The word ‘friend’ is ‘heartical’. It’s not high-sounding. It’s neither Greek nor Latin. It comes directly from Old English ‘freond’ and goes all the way back to the German roots of the Anglo-Saxon language. According to the Online Eytmology Dictionary, it means “one attached to another by feelings of personal regard and preference”.

How the backside we get to be ‘friends’ with David Cameron? A man who has no regard for us, and whose preference is to disregard the prolonged consequences of our enforced attachment! Cameron’s deceptive use of ‘friends’ is a confidence trick. Like the MoBay scammers, the British prime minister is hoping to con us into dropping our guard.


All confidence tricks share the same basic elements.
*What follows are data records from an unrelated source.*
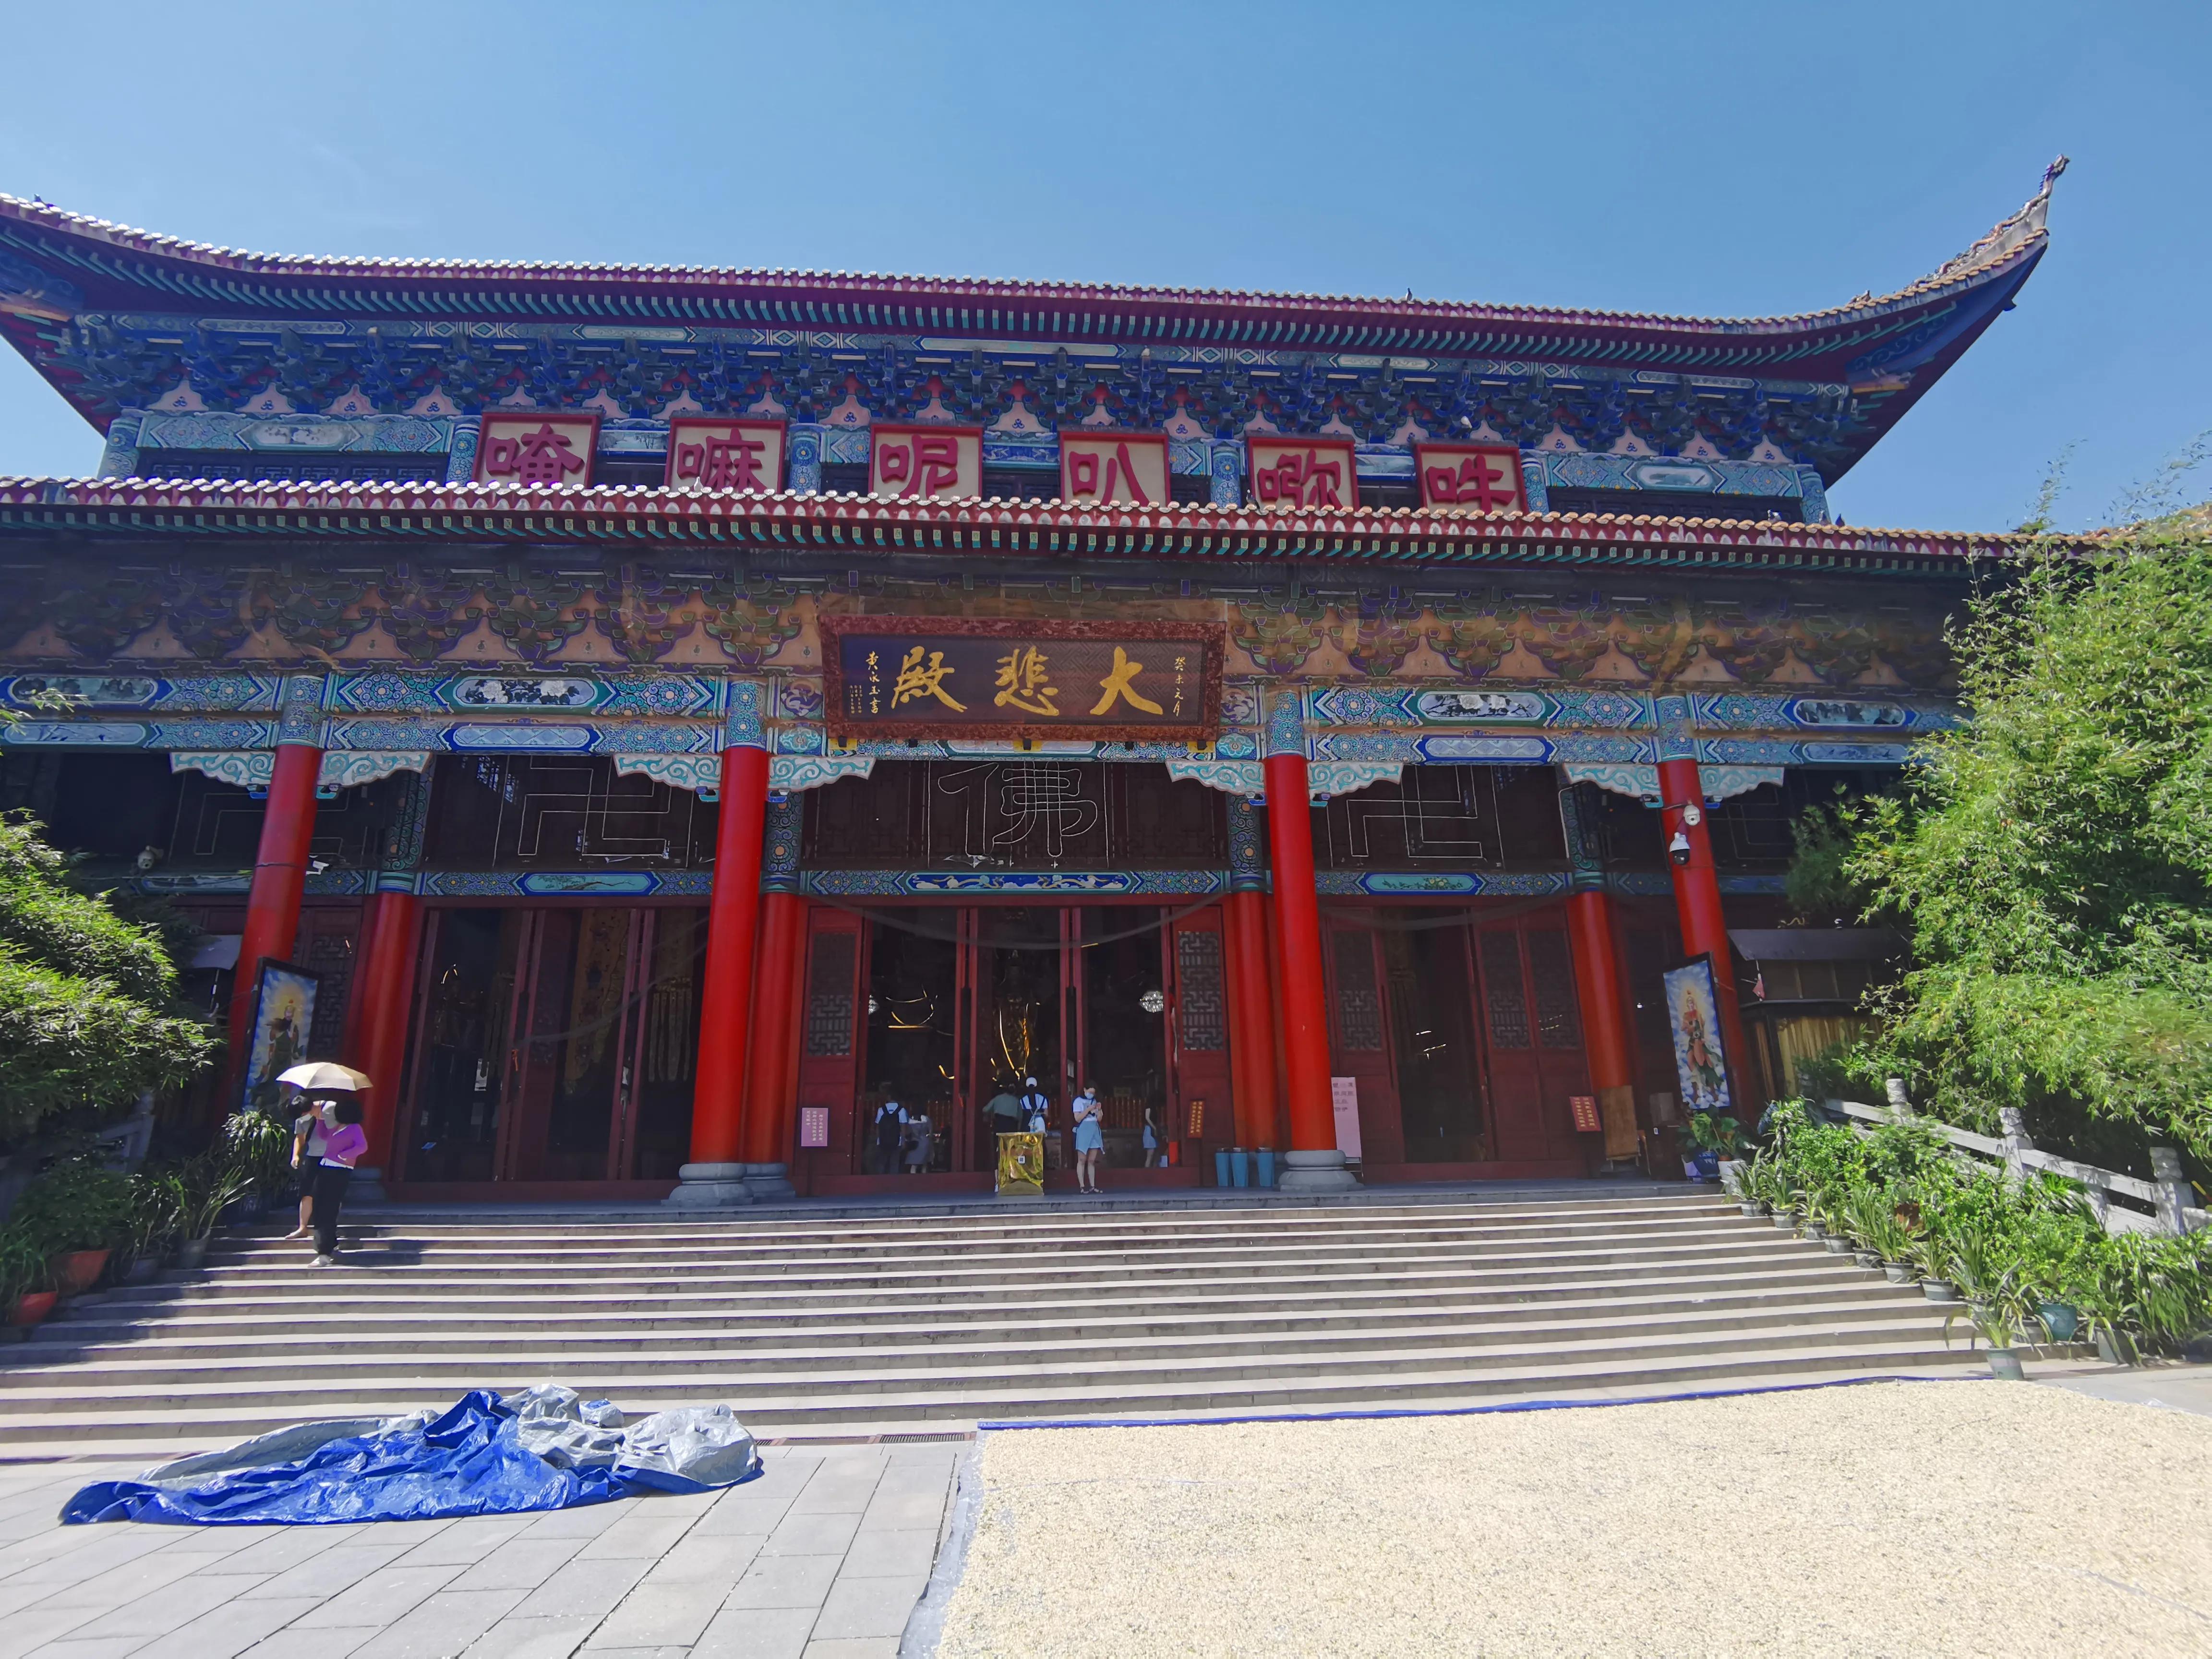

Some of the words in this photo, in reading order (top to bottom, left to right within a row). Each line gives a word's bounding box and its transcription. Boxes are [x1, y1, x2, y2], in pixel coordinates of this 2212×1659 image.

[677, 427, 769, 493] 嘛
[879, 434, 973, 500] 呢
[1069, 442, 1150, 507] 叭
[891, 646, 1163, 716] 大悲殿
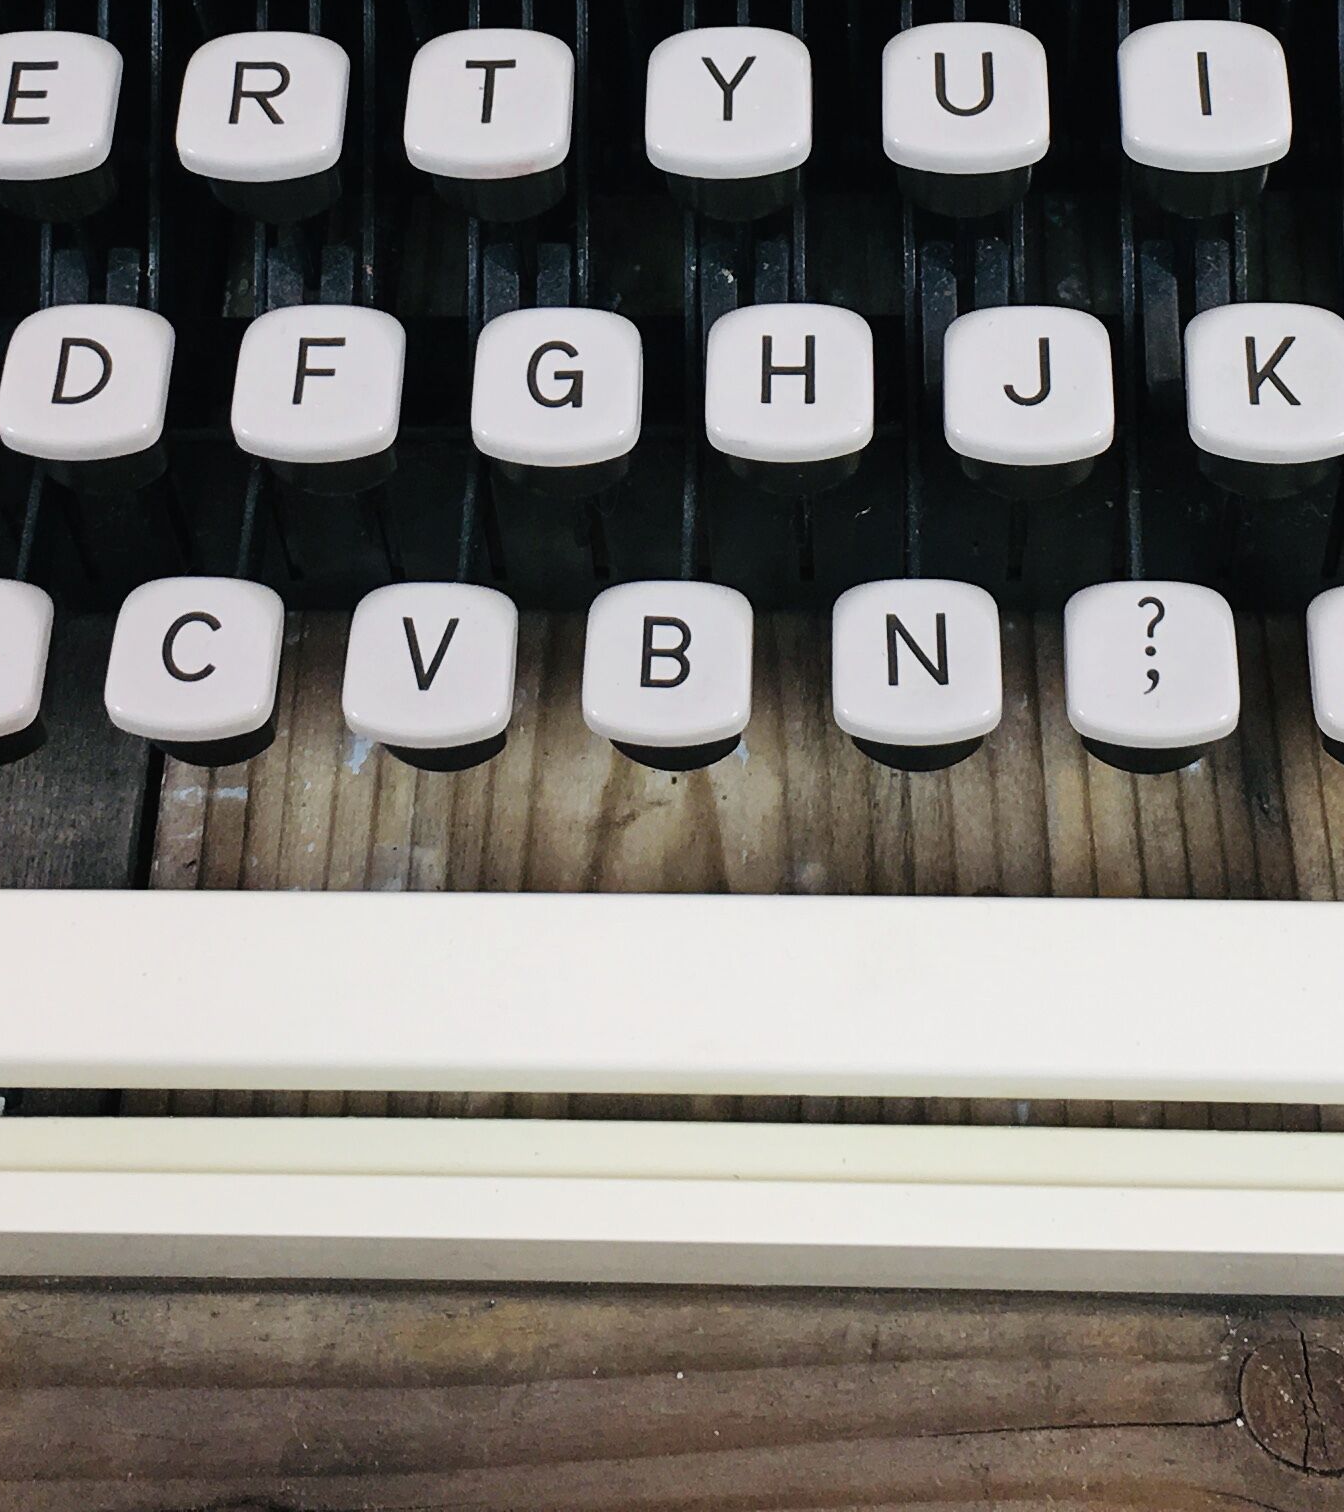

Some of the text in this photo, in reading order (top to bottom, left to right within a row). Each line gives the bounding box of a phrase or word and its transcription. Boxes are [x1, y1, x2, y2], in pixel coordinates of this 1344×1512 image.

[0, 59, 60, 127] E
[227, 60, 292, 126] R
[464, 57, 518, 125] T
[700, 54, 758, 123] Y
[933, 50, 996, 118] U
[1195, 50, 1214, 117] I
[49, 336, 114, 406] D
[290, 336, 347, 407] F
[525, 339, 585, 410] G
[759, 333, 817, 406] H
[1002, 336, 1053, 408] J
[1243, 334, 1303, 407] K
[160, 610, 223, 684] C
[401, 615, 461, 693] V
[638, 614, 693, 690] B
[884, 611, 951, 688] N
[1136, 595, 1167, 658] ?
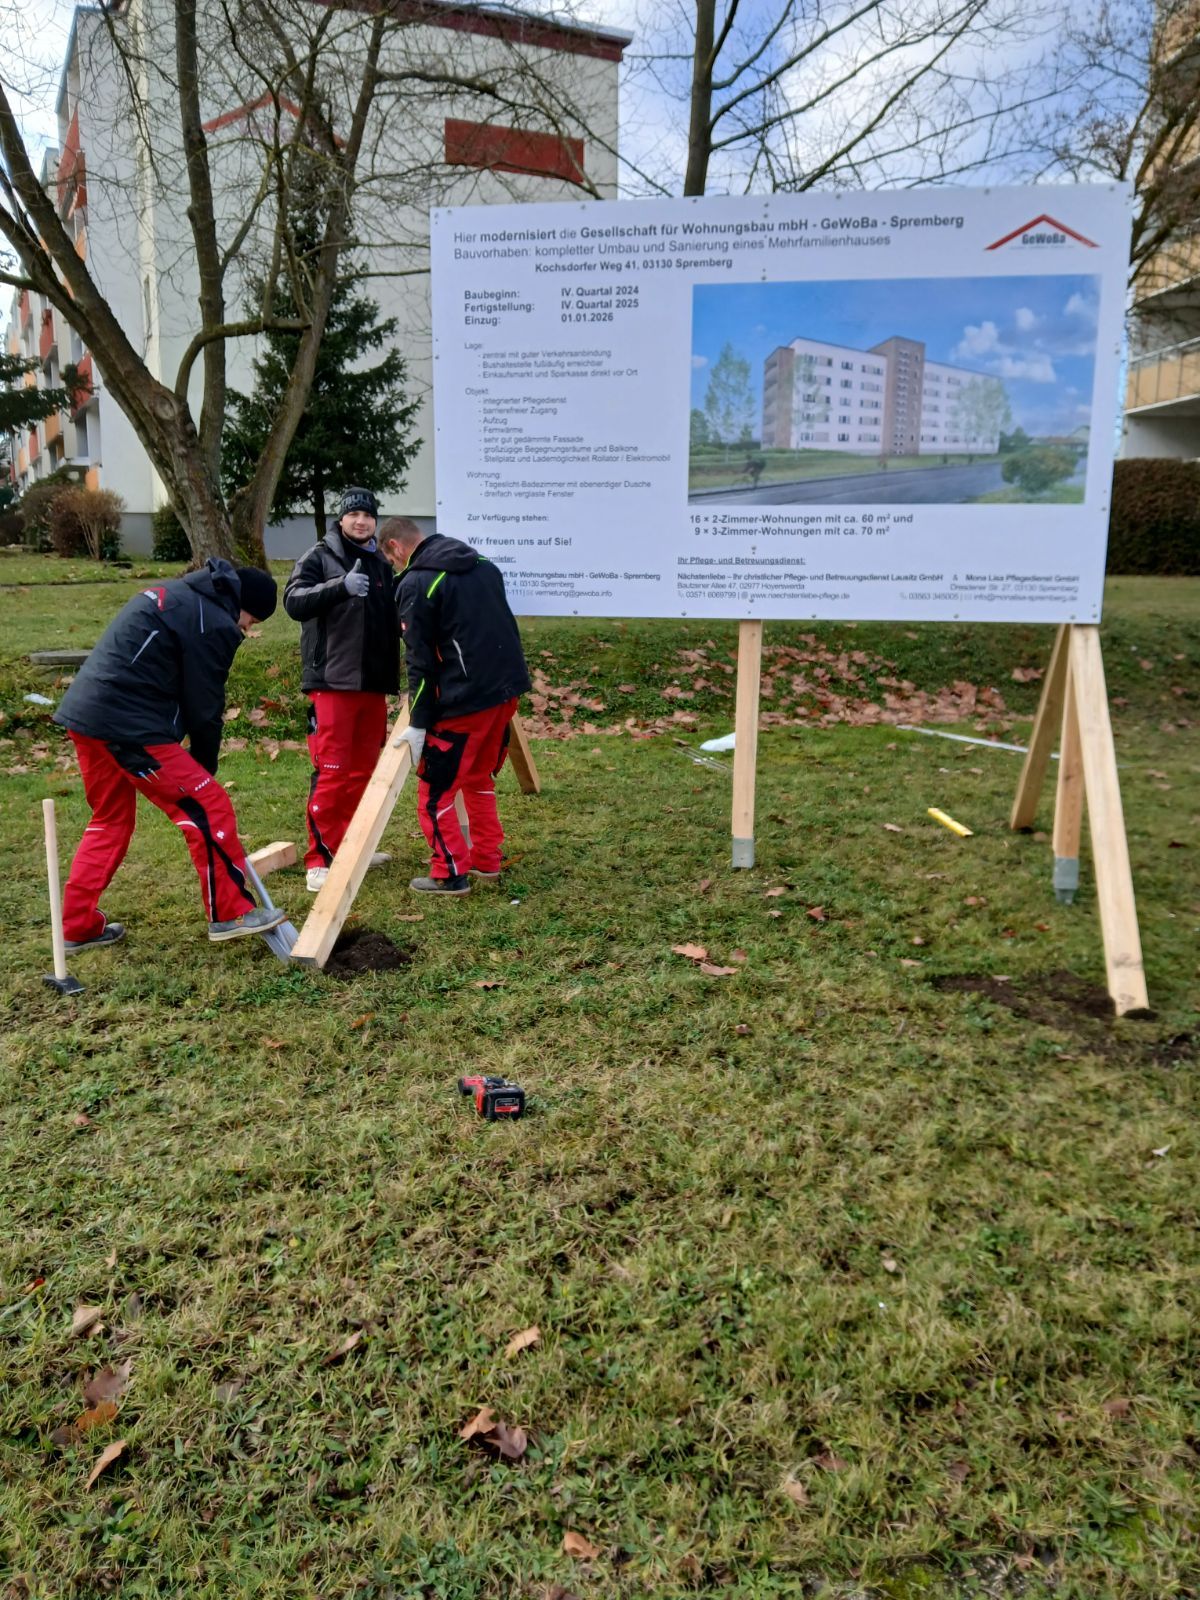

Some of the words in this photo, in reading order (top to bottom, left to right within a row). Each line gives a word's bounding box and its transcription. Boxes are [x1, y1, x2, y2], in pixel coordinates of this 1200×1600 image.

The trickster understands human nature. S/he knows many of us are gullible, believing we deserve to get something for nothing. The trickster pretends to give us something to win our confidence. We fall for it. When the bigger bait is set, we grab it – hook, line and sinker. And that’s when the switch is made and we lose everything.

free-cheeseSo here’s Cameron’s con. He shares our pain. It’s part of his legacy, too. All the same, he doesn’t need to acknowledge who caused that pain. And it all took place in the Dark Ages when, presumably, no one was keeping track of who caused how much pain. Nor who profited from that pain. This is the 21st century. We’re friends now. So let’s just move on. “Those darkest of times” are over. It’s a simple as that. As for reparation, forget it!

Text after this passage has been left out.